Andrei Bratu · Andrei Bratu · commit 7052cf8b901e · 2024-11-12T11:41:12.000Z
diff --git a/src/humanloop/eval_utils/run.py b/src/humanloop/eval_utils/run.py
@@ -9,7 +9,9 @@
 """
 
 import inspect
+import json
 import logging
+import copy
 import sys
 import threading
 import time
@@ -245,7 +247,7 @@ def run_eval(
 
     if isinstance(file, Callable):  # type: ignore
         # Decorated function
-        file_: File = file.file  # type: ignore
+        file_: File = copy.deepcopy(file.file)  # type: ignore
     else:
         file_ = file  # type: ignore
 
@@ -276,7 +278,6 @@ def run_eval(
         else:
             logger.info(f"No `callable` provided for your {type_} file - will attempt to generate logs on Humanloop.")
 
-    custom_logger = file_.pop("custom_logger", None)
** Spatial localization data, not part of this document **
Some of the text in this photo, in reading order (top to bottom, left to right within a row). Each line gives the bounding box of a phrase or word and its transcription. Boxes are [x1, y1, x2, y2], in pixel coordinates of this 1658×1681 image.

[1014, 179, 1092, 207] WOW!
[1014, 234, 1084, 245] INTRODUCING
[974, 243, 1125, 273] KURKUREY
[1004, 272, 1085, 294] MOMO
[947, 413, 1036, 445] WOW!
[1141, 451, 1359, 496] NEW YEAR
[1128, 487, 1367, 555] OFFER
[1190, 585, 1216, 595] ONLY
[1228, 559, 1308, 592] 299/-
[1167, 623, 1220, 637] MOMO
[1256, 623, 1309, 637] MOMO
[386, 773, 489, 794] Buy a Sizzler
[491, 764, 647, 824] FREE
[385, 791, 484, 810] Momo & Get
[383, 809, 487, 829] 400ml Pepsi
     file_dict = {**file_, **version}
     hl_file: Union[PromptResponse, FlowResponse, ToolResponse, EvaluatorResponse]
 
@@ -316,8 +317,20 @@ def run_eval(
         raise NotImplementedError(f"Unsupported File type: {type_}")
 
     # Upsert the Dataset
-    hl_dataset = client.datasets.upsert(**dataset)
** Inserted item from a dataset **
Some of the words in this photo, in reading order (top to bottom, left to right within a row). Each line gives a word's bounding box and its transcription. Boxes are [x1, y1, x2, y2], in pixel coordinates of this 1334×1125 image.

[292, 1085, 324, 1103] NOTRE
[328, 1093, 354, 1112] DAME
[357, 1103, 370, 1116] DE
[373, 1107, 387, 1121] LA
-    hl_dataset = client.datasets.get(id=hl_dataset.id, include_datapoints=True)
+    if "action" not in dataset:
+        dataset["action"] = "set"
+    if "datapoints" not in dataset:
+        dataset["datapoints"] = []
+        # Use `upsert` to get existing dataset ID if no datapoints provided, given we can't `get` on path.
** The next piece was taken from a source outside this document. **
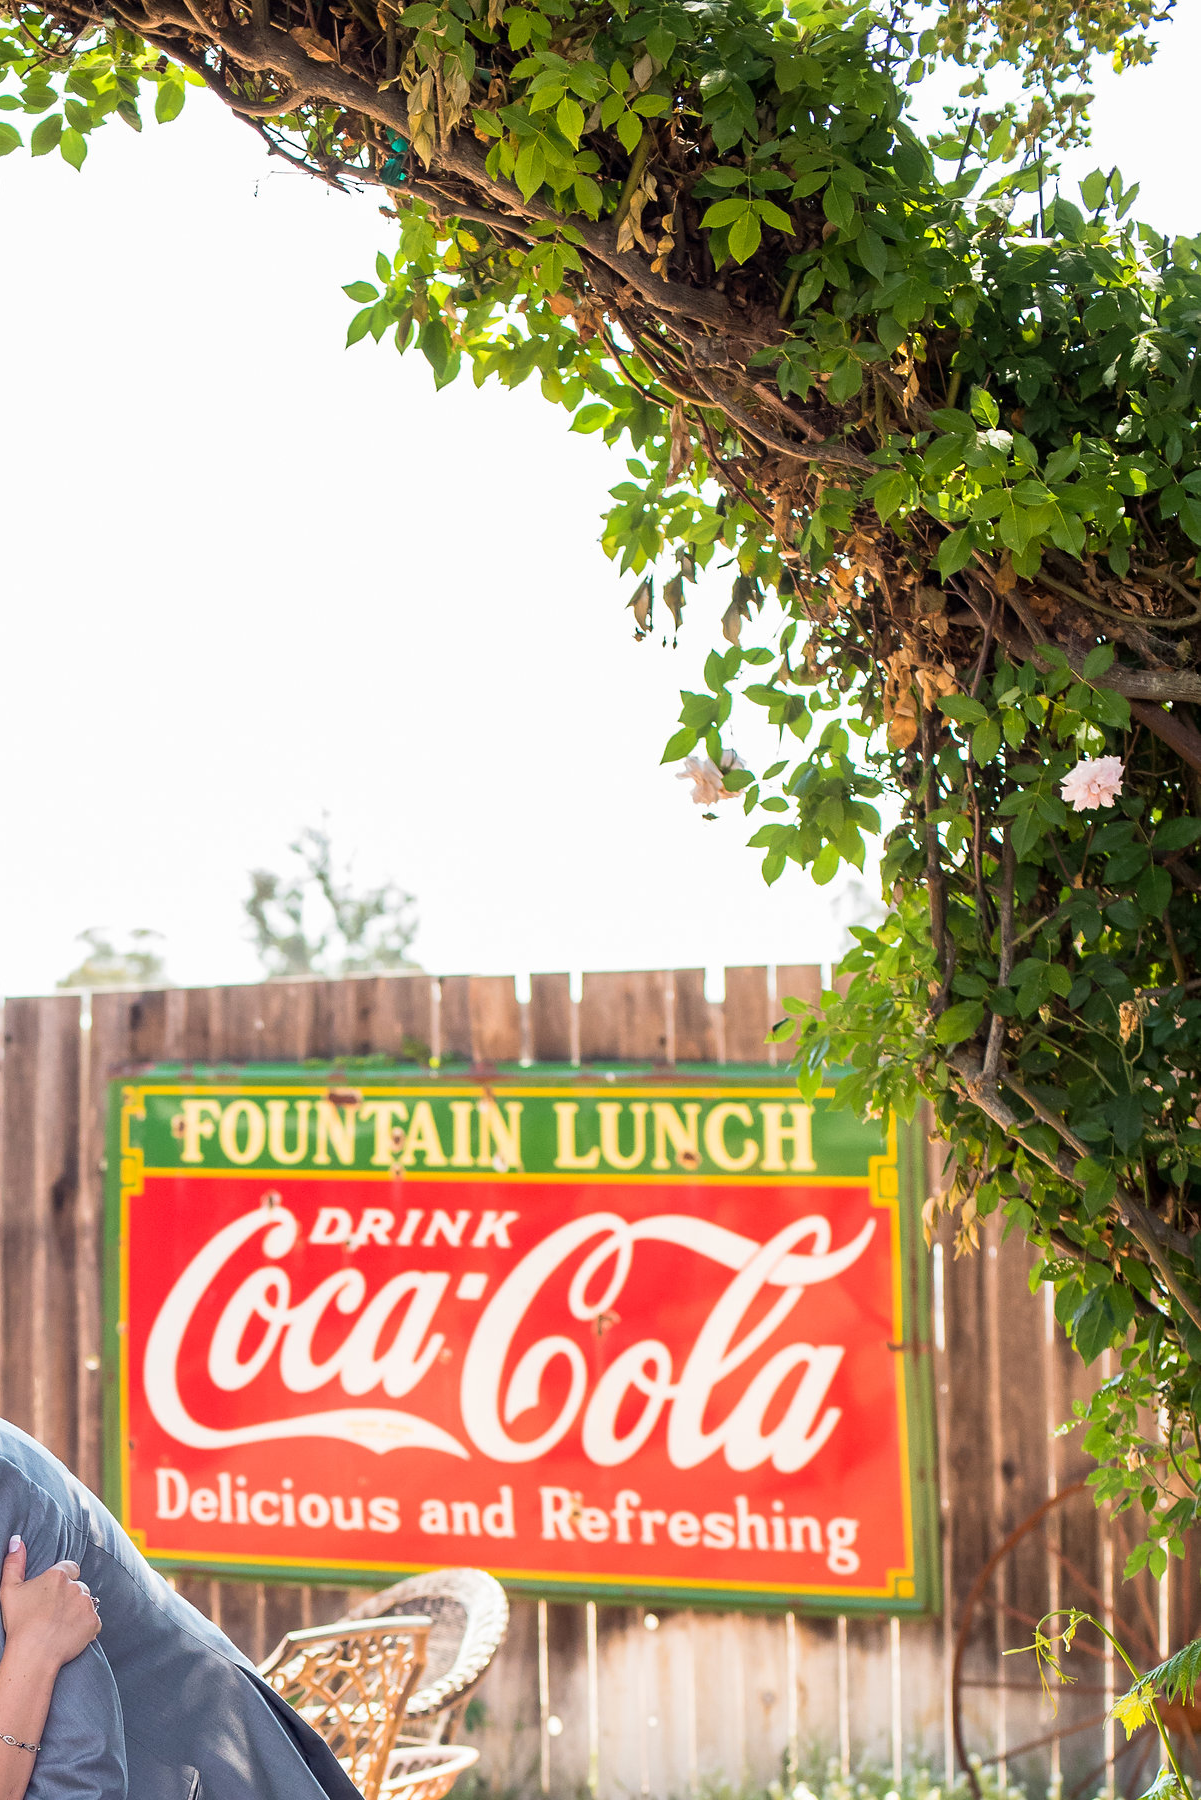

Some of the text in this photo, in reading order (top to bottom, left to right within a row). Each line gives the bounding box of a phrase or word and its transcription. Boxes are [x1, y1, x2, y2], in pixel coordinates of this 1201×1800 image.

[180, 1099, 817, 1172] FOUNTAIN LUNCH
[308, 1207, 521, 1248] DRINK
[154, 1467, 861, 1576] Delicious and Refreshing
+        dataset["action"] = "add"
+    hl_dataset = client.datasets.upsert(
+        **dataset,
+    )
+    hl_dataset = client.datasets.get(
+        id=hl_dataset.id,
+        version_id=hl_dataset.version_id,
+        include_datapoints=True,
+    )
 
     # Upsert the local Evaluators; other Evaluators are just referenced by `path` or `id`
     local_evaluators: List[Evaluator] = []
@@ -329,7 +342,9 @@ def run_eval(
                 # TODO: support the case where `file` logs generated on Humanloop but Evaluator logs generated locally
                 if function_ is None:
                     raise ValueError(
-                        f"Local Evaluators are only supported when generating Logs locally using your {type_}'s `callable`. Please provide a `callable` for your file in order to run Evaluators locally."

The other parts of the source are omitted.